● Task objective
Repeat the line that contains "Some of the words" exactly, along with each following line up to and including the last line of the entries.

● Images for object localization
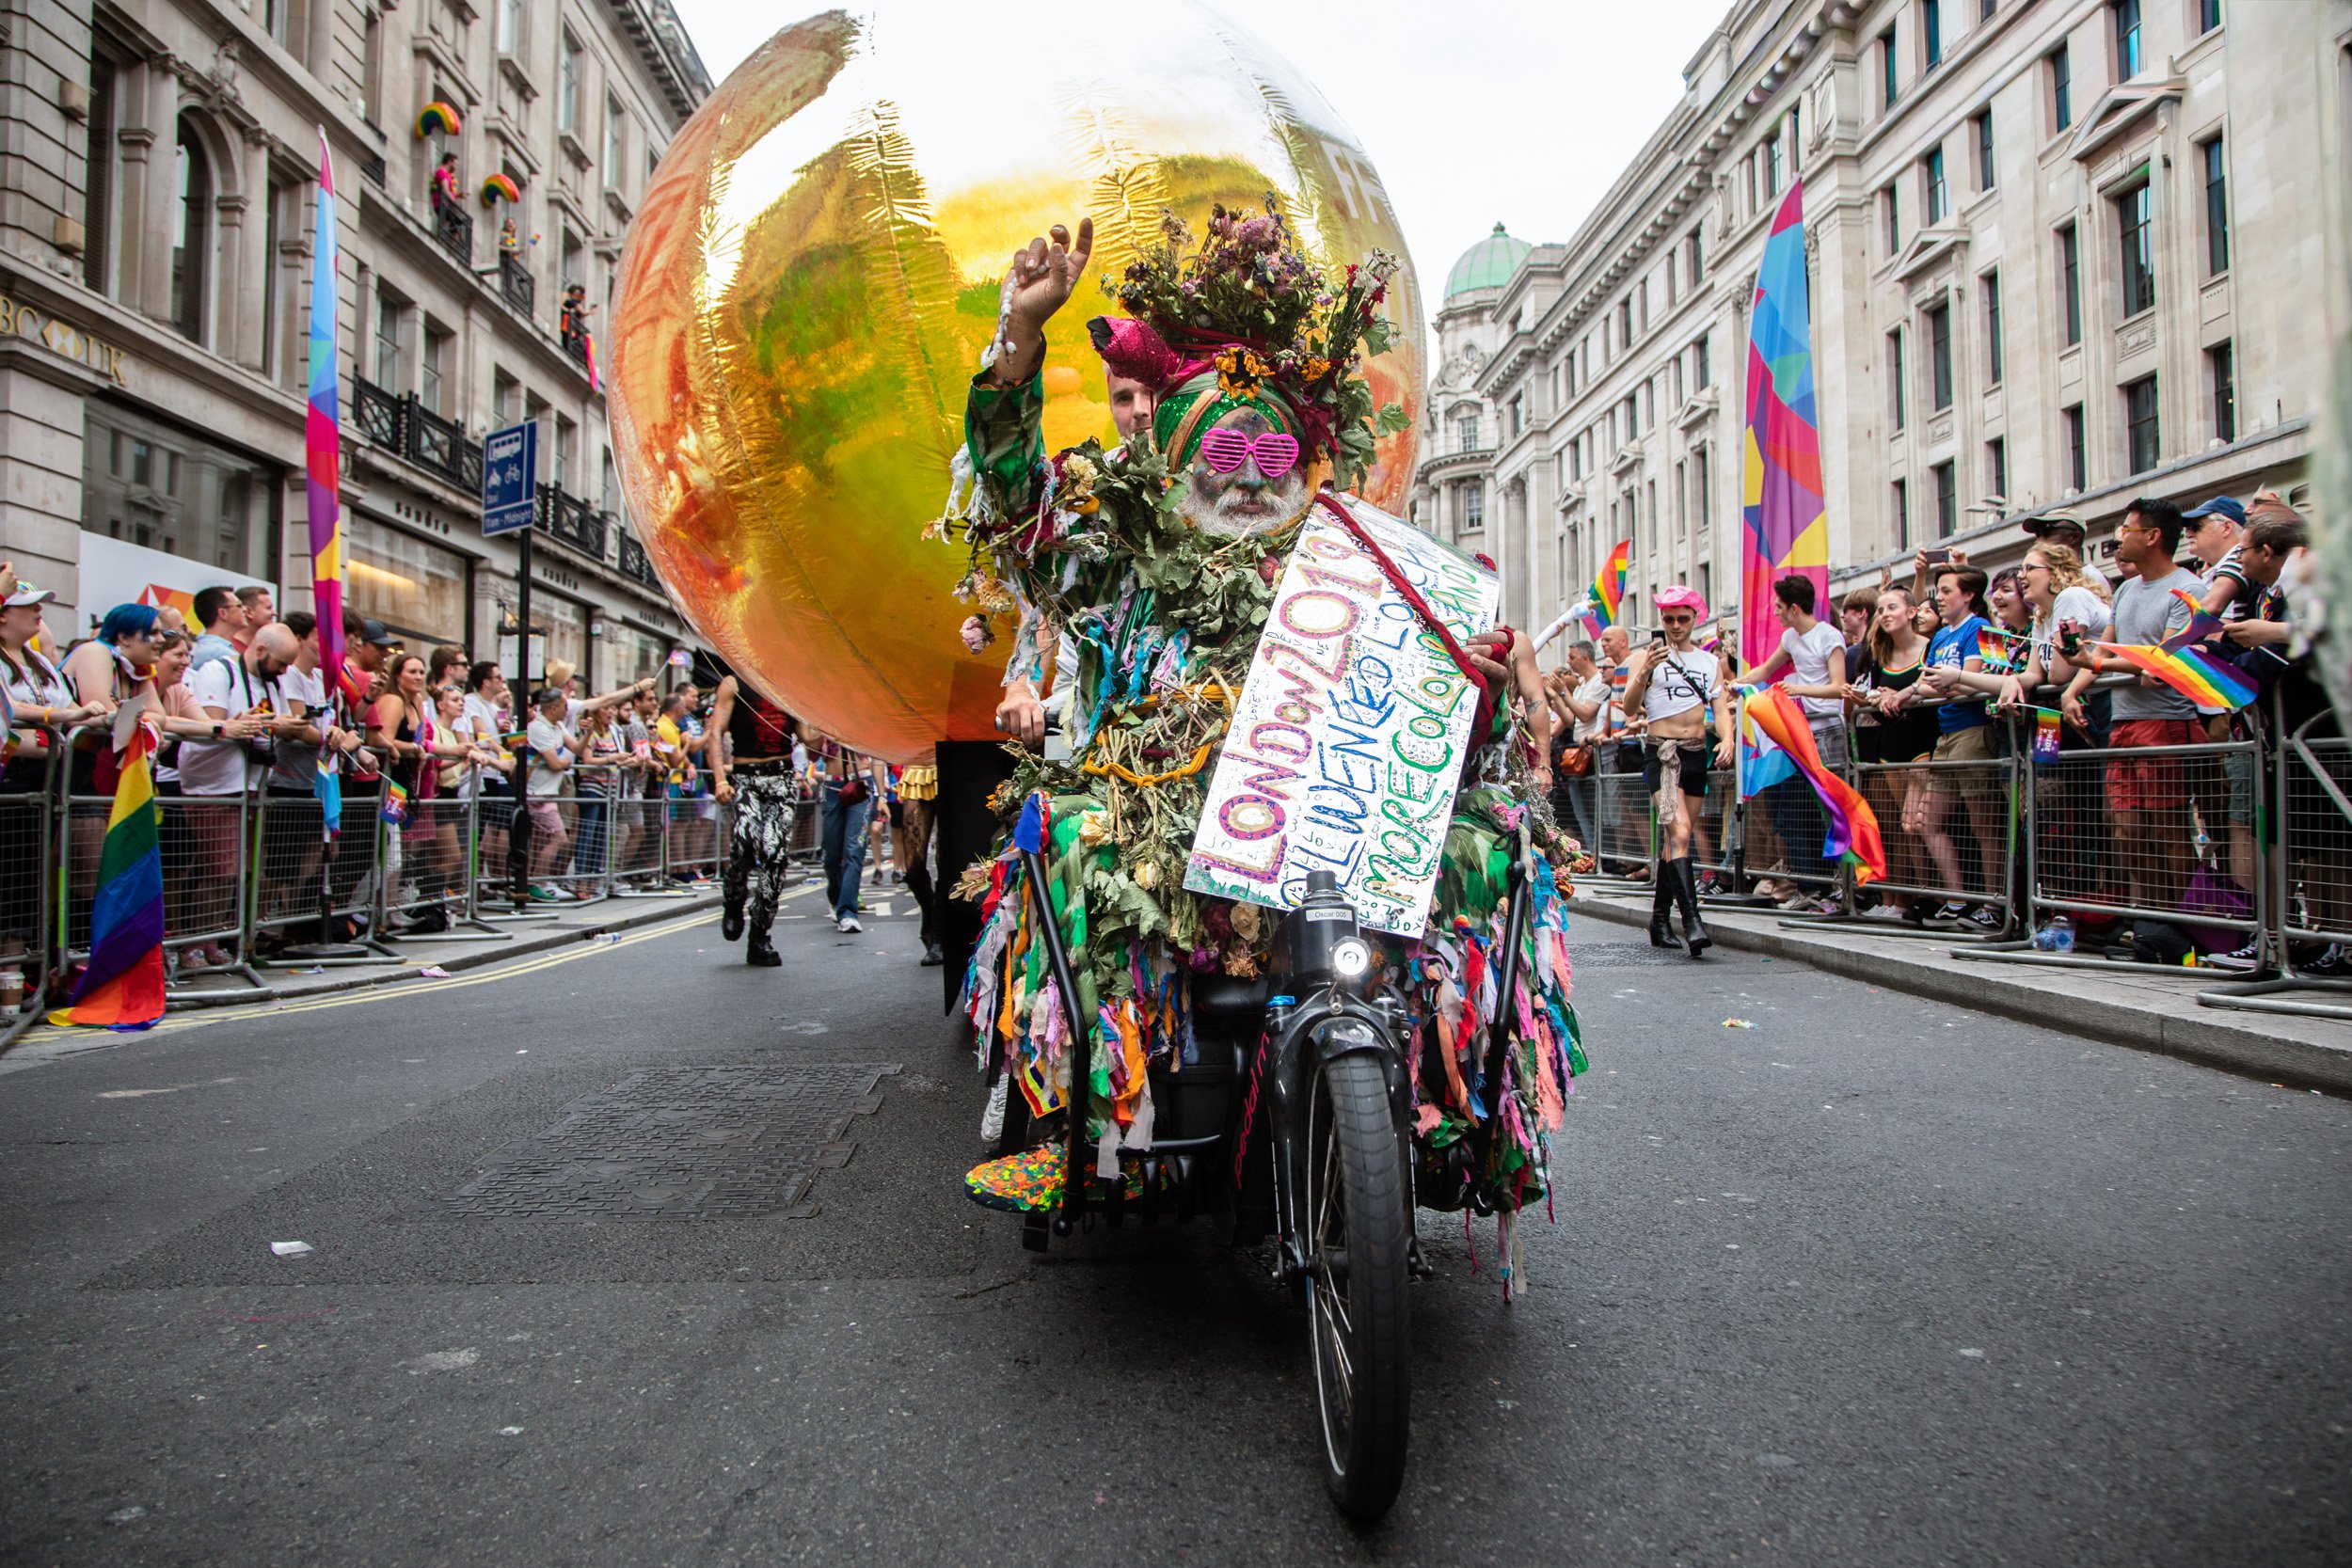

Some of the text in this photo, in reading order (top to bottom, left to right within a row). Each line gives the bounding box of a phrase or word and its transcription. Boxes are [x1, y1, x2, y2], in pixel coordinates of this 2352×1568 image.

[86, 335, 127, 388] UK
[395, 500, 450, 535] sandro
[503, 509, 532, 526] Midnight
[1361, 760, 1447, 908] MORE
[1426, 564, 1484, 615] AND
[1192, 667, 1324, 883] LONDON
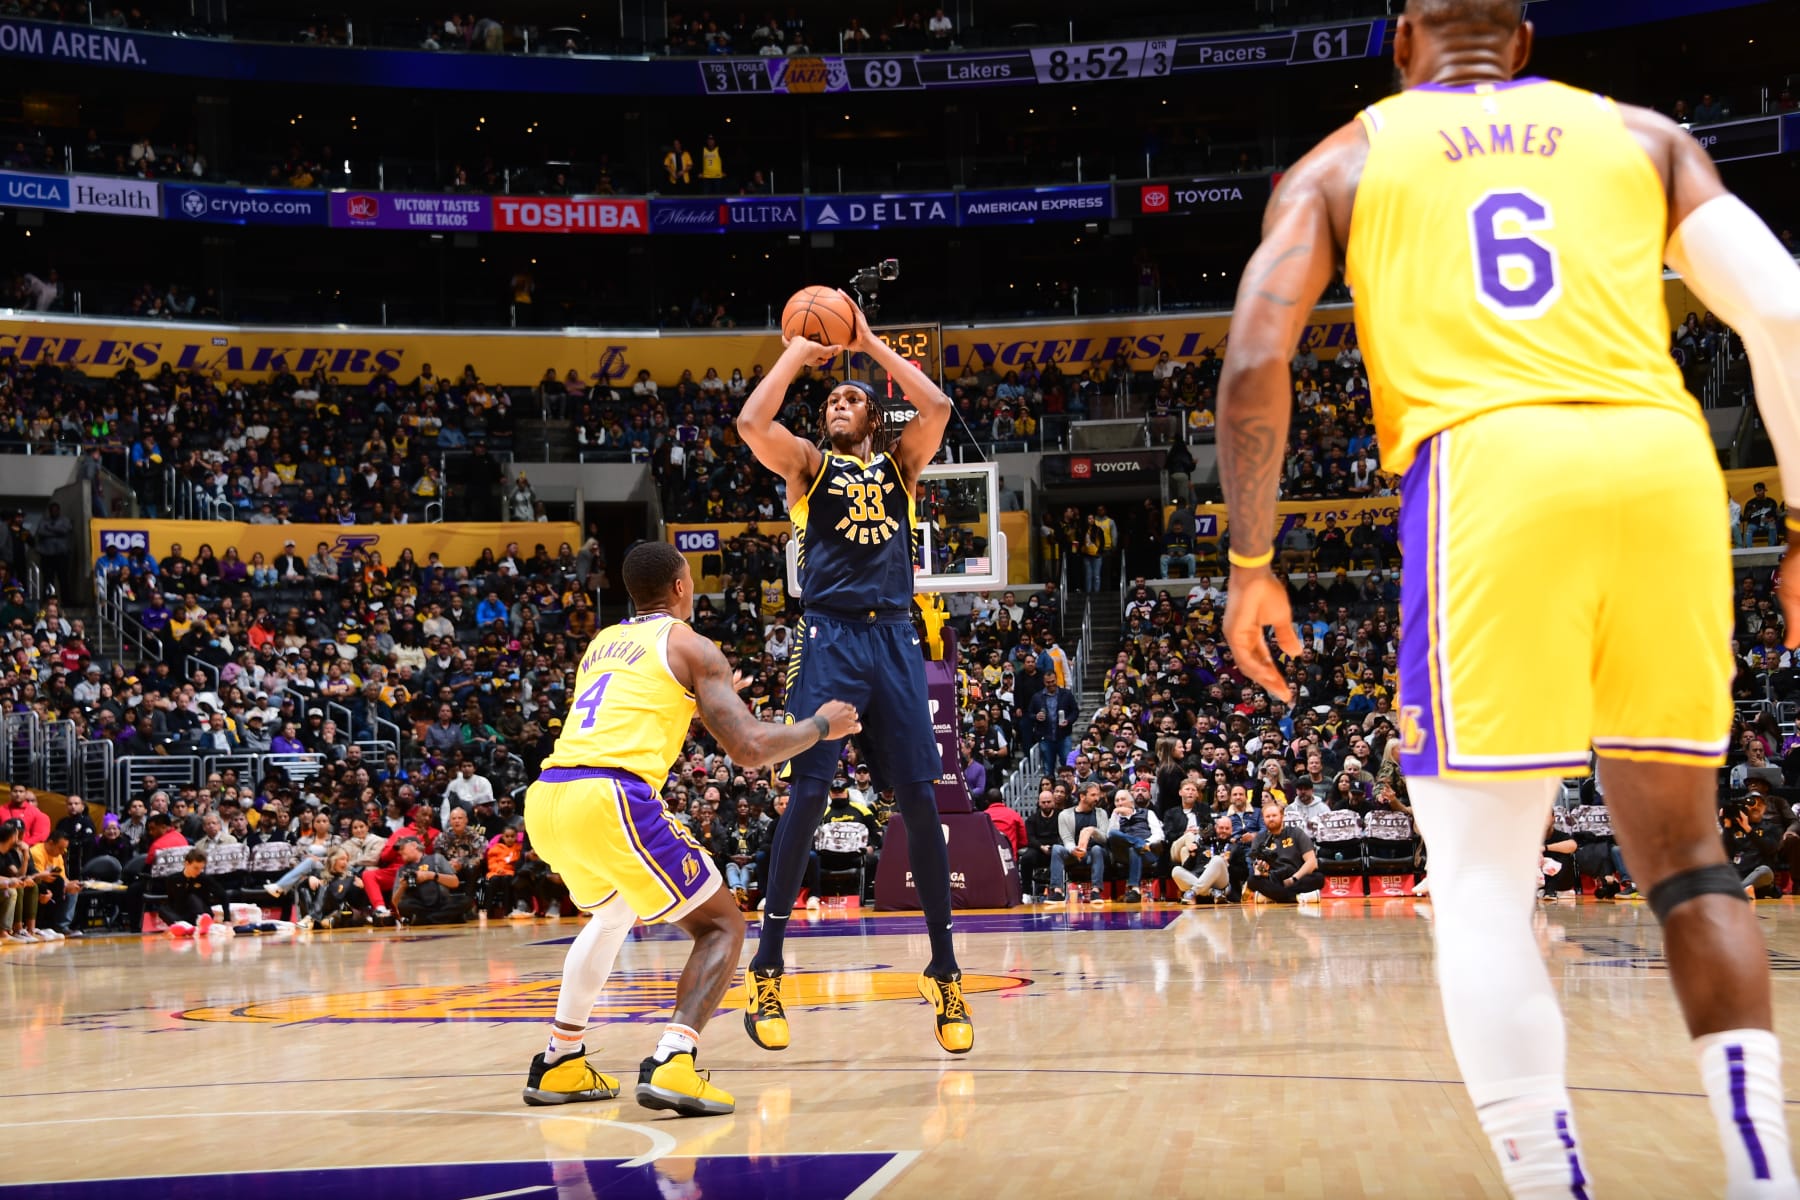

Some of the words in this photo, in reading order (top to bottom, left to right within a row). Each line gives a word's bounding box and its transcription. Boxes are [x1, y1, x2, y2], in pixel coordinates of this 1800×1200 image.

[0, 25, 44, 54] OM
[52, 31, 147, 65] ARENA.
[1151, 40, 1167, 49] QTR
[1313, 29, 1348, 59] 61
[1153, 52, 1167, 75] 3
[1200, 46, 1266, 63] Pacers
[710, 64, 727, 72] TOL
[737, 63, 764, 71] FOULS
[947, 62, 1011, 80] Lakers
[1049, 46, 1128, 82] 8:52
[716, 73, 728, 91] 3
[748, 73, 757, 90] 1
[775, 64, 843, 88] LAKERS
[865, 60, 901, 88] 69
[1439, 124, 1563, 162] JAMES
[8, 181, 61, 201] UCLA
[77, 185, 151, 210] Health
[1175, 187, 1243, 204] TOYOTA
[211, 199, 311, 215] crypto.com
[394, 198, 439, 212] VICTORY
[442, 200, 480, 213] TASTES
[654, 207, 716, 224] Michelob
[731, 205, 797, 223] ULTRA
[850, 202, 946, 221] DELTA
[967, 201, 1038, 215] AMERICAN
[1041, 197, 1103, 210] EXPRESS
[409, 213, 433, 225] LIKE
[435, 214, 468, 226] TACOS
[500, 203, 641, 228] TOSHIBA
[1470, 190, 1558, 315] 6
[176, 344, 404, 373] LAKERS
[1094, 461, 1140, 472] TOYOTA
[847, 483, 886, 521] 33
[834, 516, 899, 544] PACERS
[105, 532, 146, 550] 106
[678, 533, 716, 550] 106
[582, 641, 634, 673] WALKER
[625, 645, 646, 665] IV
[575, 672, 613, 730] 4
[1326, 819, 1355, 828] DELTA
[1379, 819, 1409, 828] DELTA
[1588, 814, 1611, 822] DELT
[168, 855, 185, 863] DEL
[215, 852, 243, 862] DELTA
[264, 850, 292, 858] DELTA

● Written response
Some of the words in this photo, in reading order (top to bottom, left to right within a row). Each line gives a word's bounding box and its transcription. Boxes are [x1, y1, x2, y2], in pixel coordinates of this 1800×1200 image.

[0, 25, 44, 54] OM
[52, 31, 147, 65] ARENA.
[1151, 40, 1167, 49] QTR
[1313, 29, 1348, 59] 61
[1153, 52, 1167, 75] 3
[1200, 46, 1266, 63] Pacers
[710, 64, 727, 72] TOL
[737, 63, 764, 71] FOULS
[947, 62, 1011, 80] Lakers
[1049, 46, 1128, 82] 8:52
[716, 73, 728, 91] 3
[748, 73, 757, 90] 1
[775, 64, 843, 88] LAKERS
[865, 60, 901, 88] 69
[1439, 124, 1563, 162] JAMES
[8, 181, 61, 201] UCLA
[77, 185, 151, 210] Health
[1175, 187, 1243, 204] TOYOTA
[211, 199, 311, 215] crypto.com
[394, 198, 439, 212] VICTORY
[442, 200, 480, 213] TASTES
[654, 207, 716, 224] Michelob
[731, 205, 797, 223] ULTRA
[850, 202, 946, 221] DELTA
[967, 201, 1038, 215] AMERICAN
[1041, 197, 1103, 210] EXPRESS
[409, 213, 433, 225] LIKE
[435, 214, 468, 226] TACOS
[500, 203, 641, 228] TOSHIBA
[1470, 190, 1558, 315] 6
[176, 344, 404, 373] LAKERS
[1094, 461, 1140, 472] TOYOTA
[847, 483, 886, 521] 33
[834, 516, 899, 544] PACERS
[105, 532, 146, 550] 106
[678, 533, 716, 550] 106
[582, 641, 634, 673] WALKER
[625, 645, 646, 665] IV
[575, 672, 613, 730] 4
[1326, 819, 1355, 828] DELTA
[1379, 819, 1409, 828] DELTA
[1588, 814, 1611, 822] DELT
[168, 855, 185, 863] DEL
[215, 852, 243, 862] DELTA
[264, 850, 292, 858] DELTA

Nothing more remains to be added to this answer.